Material for this exercise: Begin
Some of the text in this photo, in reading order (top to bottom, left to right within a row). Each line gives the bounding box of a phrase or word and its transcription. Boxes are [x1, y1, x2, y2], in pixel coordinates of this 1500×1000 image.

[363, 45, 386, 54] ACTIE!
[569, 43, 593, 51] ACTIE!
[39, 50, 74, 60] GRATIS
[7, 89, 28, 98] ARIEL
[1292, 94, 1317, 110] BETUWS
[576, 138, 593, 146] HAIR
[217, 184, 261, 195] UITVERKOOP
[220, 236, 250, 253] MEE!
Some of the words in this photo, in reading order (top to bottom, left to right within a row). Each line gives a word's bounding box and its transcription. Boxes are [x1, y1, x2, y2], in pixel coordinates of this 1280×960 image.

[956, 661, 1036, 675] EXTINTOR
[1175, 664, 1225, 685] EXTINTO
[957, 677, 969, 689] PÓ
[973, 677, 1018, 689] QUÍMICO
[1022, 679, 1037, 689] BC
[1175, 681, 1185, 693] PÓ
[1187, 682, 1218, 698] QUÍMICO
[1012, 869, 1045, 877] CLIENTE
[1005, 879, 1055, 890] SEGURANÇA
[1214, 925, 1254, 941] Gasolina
Material for this exercise: End
## What is being asked
Restate the data above word for word, omitting nothing.

## Result
Some of the text in this photo, in reading order (top to bottom, left to right within a row). Each line gives the bounding box of a phrase or word and its transcription. Boxes are [x1, y1, x2, y2], in pixel coordinates of this 1500×1000 image.

[363, 45, 386, 54] ACTIE!
[569, 43, 593, 51] ACTIE!
[39, 50, 74, 60] GRATIS
[7, 89, 28, 98] ARIEL
[1292, 94, 1317, 110] BETUWS
[576, 138, 593, 146] HAIR
[217, 184, 261, 195] UITVERKOOP
[220, 236, 250, 253] MEE!
Some of the words in this photo, in reading order (top to bottom, left to right within a row). Each line gives a word's bounding box and its transcription. Boxes are [x1, y1, x2, y2], in pixel coordinates of this 1280×960 image.

[956, 661, 1036, 675] EXTINTOR
[1175, 664, 1225, 685] EXTINTO
[957, 677, 969, 689] PÓ
[973, 677, 1018, 689] QUÍMICO
[1022, 679, 1037, 689] BC
[1175, 681, 1185, 693] PÓ
[1187, 682, 1218, 698] QUÍMICO
[1012, 869, 1045, 877] CLIENTE
[1005, 879, 1055, 890] SEGURANÇA
[1214, 925, 1254, 941] Gasolina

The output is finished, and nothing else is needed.